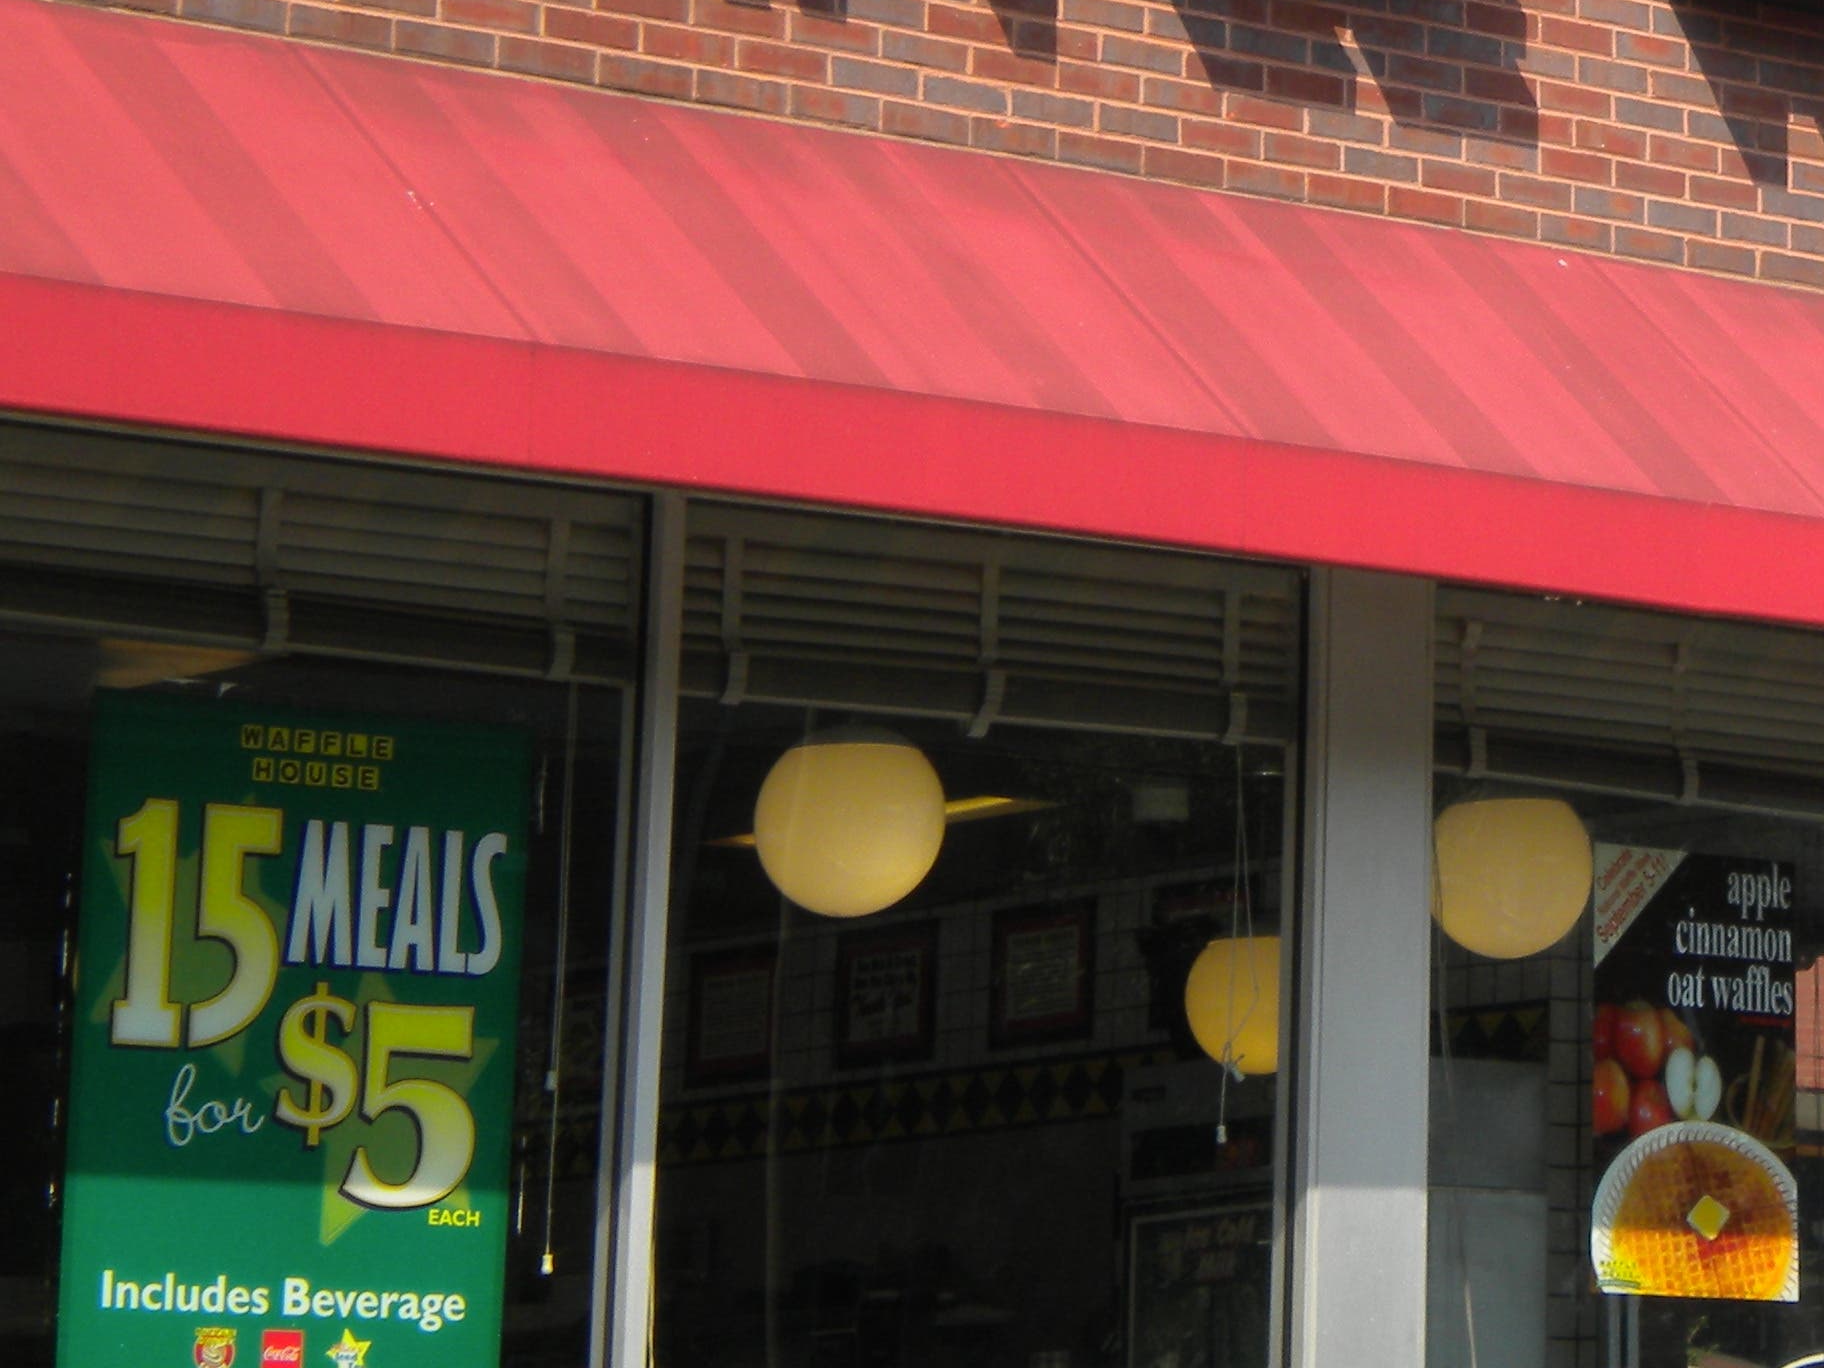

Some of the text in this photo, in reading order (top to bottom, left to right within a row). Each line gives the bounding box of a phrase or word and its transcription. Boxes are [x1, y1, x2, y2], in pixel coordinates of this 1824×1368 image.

[243, 725, 392, 759] WAFFLE
[254, 758, 381, 790] HOUSE
[1728, 863, 1792, 921] apple
[110, 798, 507, 1048] 15 MEALS
[1675, 907, 1793, 962] cinnamon
[1667, 964, 1794, 1015] oat waffles
[164, 982, 476, 1207] for $5
[428, 1209, 480, 1228] EACH
[101, 1269, 466, 1332] Includes Beverage
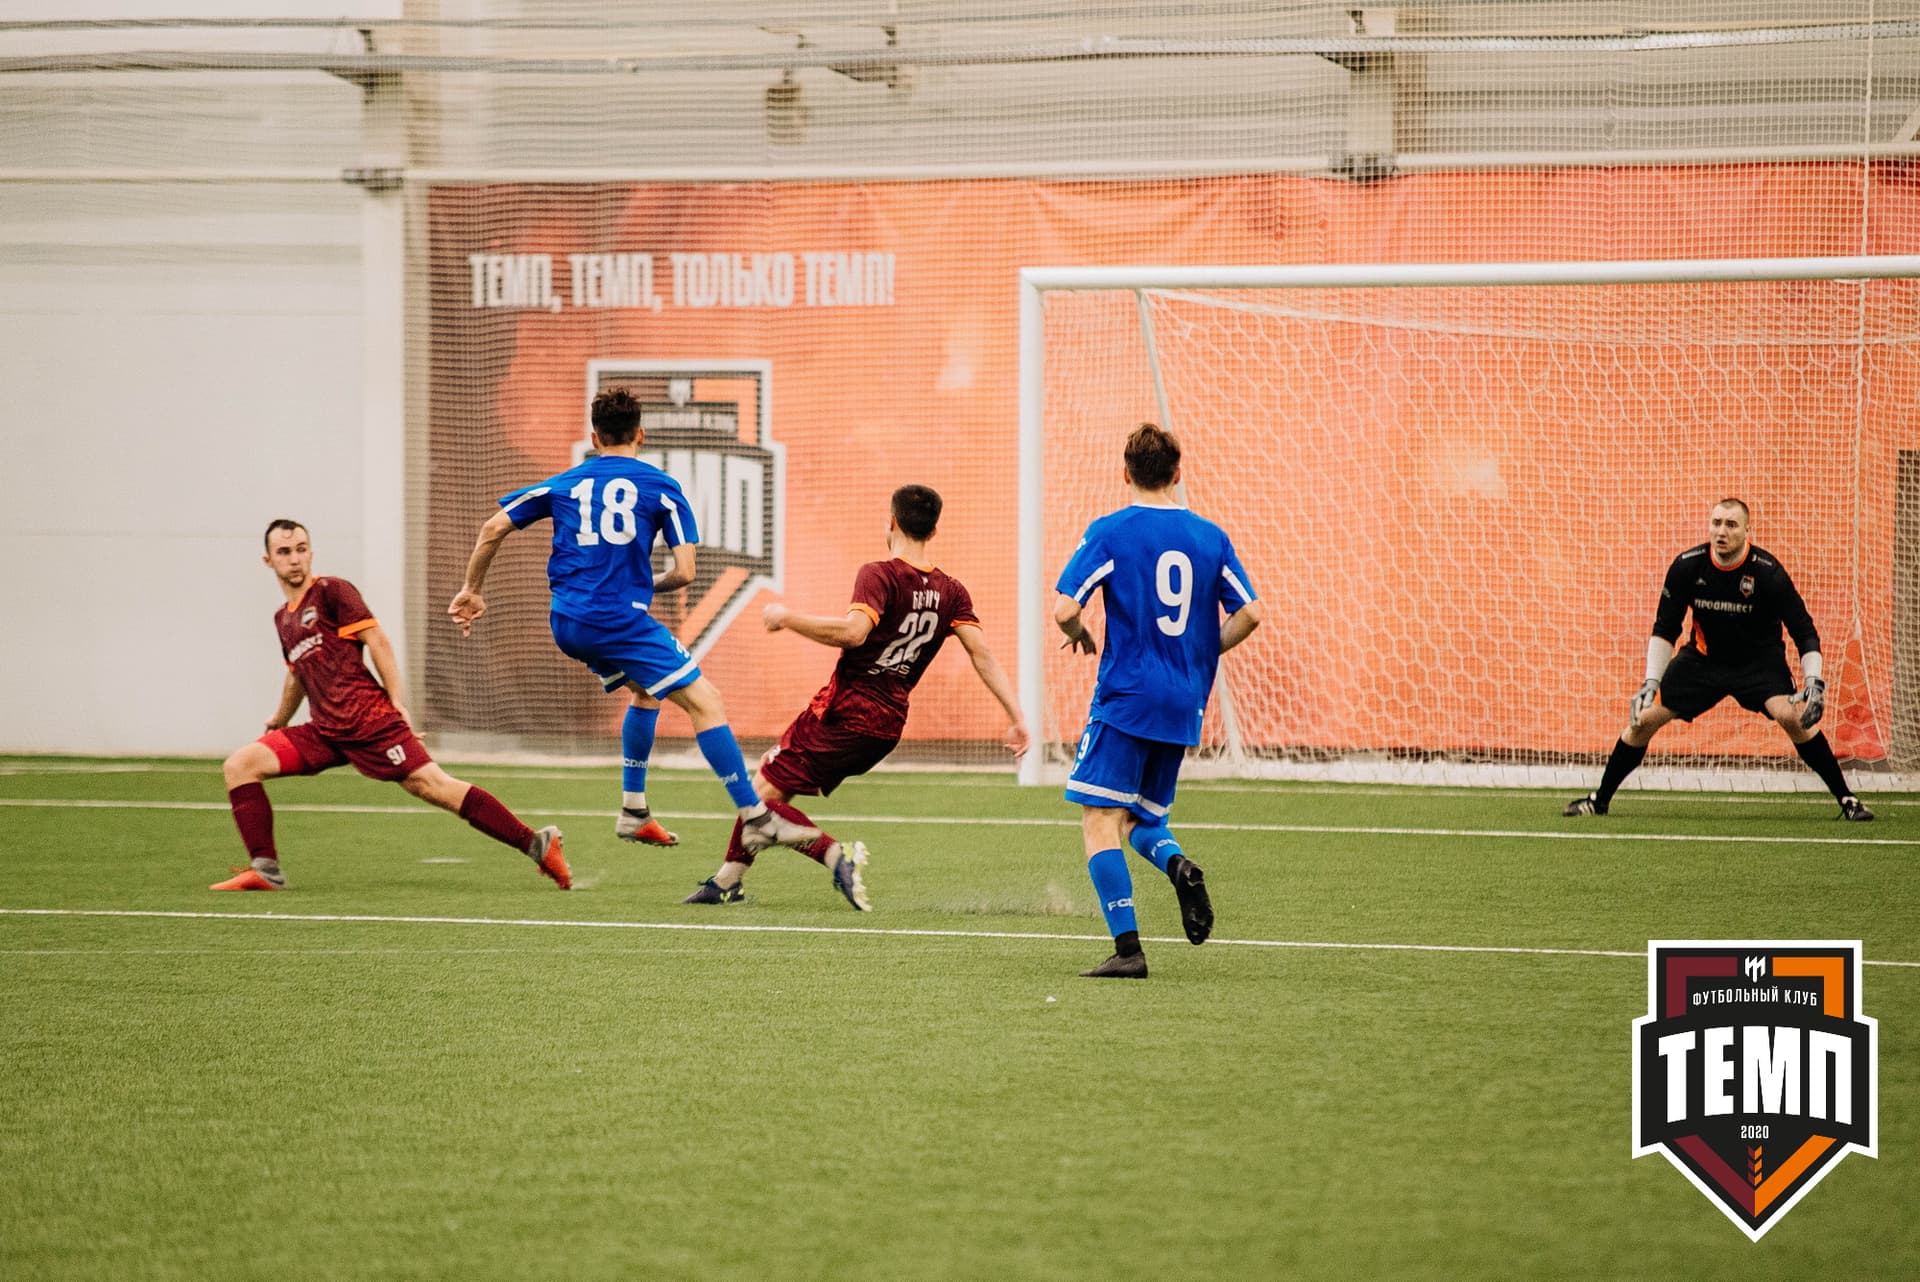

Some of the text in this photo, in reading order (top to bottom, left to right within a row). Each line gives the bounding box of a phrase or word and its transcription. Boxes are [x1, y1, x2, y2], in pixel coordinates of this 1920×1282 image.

[469, 251, 896, 313] ТЕМП, ТЕМП, ТОЛЬКО ТЕМП!
[570, 477, 638, 546] 18
[1156, 550, 1194, 637] 9
[875, 611, 939, 668] 22
[1077, 732, 1091, 760] 9

=====

What you have to do
Only the lines from the one containing "this 1920×1282 image." through the last line of the material should be returned, each one exactly as written.

Task result
Some of the text in this photo, in reading order (top to bottom, left to right within a row). Each line gives the bounding box of a phrase or word and its transcription. Boxes are [x1, y1, x2, y2], in pixel coordinates of this 1920×1282 image.

[469, 251, 896, 313] ТЕМП, ТЕМП, ТОЛЬКО ТЕМП!
[570, 477, 638, 546] 18
[1156, 550, 1194, 637] 9
[875, 611, 939, 668] 22
[1077, 732, 1091, 760] 9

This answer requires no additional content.